Given that the dirham (AED) has been pegged to the dollar at 3.6725 since 1997, a weakening dollar would lead to the Emirati currency also posting losses against the euro, pound, yen and others. Generally, though, the dirham is very rarely traded as a CFD, so other regional markets like Turkey, South Africa, Mexico, Thailand and so on are in greater focus.
The yuan renminbi also has a soft peg to the US dollar, and most emerging economies have China as their main trade partner, so the effect of a weaker dollar on these economies is likely to be positive. Higher prices for the various commodities and minerals exported to China could lead to strengthening for emerging currencies.
Traditionally, traders in the UAE favour major commodities, especially gold and Brent, above forex. A weaker dollar should usually be a positive factor for these as well given that they’re normally priced in dollars internationally. This is reflected in Brent having reached an 11-month high above $57.30 a barrel last week, but gold hasn’t shown strong growth since August.
With bitcoin having broken its parabolic advance and buyers seemingly exhausted after such a long period of extremely strong gains, there now seems to be little impetus to push up and reach a new high.
Meanwhile, specialists in trading commodities have had the potential to outperform those focusing on forex over the last few weeks, and obviously many crypto traders have made big gains since the end of last year. Given commodities’ sensitivity to the early stages of inflation, the former of these groups is likely to retain prominence over the next couple of quarters.
However, the situation for crypto seems much less certain.
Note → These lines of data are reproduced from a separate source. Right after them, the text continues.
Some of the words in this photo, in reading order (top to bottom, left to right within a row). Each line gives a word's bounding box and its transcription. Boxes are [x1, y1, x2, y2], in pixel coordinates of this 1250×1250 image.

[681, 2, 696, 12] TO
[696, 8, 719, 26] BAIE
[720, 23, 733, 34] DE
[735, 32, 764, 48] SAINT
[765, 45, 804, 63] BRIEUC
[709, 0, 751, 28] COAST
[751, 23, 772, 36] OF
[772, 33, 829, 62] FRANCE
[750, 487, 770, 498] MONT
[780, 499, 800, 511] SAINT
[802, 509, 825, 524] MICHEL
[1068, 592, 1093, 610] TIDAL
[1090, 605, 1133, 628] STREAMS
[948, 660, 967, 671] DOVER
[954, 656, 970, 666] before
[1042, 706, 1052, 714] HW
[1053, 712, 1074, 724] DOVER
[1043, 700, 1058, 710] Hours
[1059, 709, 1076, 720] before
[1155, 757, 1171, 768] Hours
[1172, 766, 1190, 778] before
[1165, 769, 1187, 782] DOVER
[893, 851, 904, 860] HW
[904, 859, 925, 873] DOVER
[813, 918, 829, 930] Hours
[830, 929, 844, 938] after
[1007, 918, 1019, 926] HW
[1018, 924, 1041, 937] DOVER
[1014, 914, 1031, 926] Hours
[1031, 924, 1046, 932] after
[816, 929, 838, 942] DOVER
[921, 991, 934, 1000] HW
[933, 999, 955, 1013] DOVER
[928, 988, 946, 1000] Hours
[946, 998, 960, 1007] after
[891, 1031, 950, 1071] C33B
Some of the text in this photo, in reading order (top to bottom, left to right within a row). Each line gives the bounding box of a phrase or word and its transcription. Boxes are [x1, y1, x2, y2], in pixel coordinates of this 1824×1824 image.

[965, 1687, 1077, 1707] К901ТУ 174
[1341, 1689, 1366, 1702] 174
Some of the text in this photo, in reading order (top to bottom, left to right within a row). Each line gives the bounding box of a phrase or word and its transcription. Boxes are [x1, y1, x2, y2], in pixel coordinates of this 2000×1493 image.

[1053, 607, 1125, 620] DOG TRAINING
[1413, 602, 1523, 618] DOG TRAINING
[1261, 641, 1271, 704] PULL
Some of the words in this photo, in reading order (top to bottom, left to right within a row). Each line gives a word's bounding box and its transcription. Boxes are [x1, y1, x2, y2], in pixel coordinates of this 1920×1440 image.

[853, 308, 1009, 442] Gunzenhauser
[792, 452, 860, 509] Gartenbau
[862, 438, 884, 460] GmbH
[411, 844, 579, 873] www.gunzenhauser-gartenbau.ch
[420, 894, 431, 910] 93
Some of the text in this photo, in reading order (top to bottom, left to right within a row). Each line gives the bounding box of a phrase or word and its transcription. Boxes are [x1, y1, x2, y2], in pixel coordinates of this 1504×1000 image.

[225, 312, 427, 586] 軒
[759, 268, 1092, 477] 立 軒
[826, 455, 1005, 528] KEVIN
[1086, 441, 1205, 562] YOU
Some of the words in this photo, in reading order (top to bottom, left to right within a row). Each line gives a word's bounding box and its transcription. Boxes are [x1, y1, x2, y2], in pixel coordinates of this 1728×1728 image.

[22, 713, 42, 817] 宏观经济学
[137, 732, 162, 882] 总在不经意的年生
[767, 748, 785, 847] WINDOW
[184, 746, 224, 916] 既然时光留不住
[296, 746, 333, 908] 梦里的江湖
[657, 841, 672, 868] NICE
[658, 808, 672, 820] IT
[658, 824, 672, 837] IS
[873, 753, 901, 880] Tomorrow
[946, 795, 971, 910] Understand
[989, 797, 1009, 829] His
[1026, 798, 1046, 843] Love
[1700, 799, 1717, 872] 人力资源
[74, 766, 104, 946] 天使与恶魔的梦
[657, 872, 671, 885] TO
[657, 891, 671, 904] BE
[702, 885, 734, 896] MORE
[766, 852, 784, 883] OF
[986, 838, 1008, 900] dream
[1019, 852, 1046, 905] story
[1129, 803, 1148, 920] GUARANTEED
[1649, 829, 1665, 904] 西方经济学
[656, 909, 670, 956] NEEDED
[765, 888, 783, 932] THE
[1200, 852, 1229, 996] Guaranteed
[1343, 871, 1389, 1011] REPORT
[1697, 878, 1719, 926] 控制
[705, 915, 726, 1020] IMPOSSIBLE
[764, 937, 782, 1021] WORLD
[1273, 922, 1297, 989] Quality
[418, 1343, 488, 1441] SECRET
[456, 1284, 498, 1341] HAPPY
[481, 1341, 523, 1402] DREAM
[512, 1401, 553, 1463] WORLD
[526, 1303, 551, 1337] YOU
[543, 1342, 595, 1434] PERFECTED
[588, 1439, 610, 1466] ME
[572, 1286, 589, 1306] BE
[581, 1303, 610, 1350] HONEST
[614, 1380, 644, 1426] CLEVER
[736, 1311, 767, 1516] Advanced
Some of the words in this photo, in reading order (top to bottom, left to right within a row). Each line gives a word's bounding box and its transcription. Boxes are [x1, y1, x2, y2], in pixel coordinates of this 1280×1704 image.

With bitcoin having broken its parabolic advance and buyers seemingly exhausted after such a long period of extremely strong gains, there now seems to be little impetus to push up and reach a new high.
Considering strategy itself rather than application, clearly short-term traders continue to hold the edge. Uncertainty might not be in main view now, but it’s still present in the background: there is no consensus on how long it might take for vaccines to become widely available and economies to return to something like normal.
Equally, new strains of Covid-19 spreading from the UK, South Africa and others have led to many politicians and medical advisers to governments to switch from the previous narrative of ‘living with Covid’ to talk of eradication. These factors and the potential for sentiment to change rapidly mean that scalpers and day traders have the edge over swing traders in CFD markets, at least for the moment.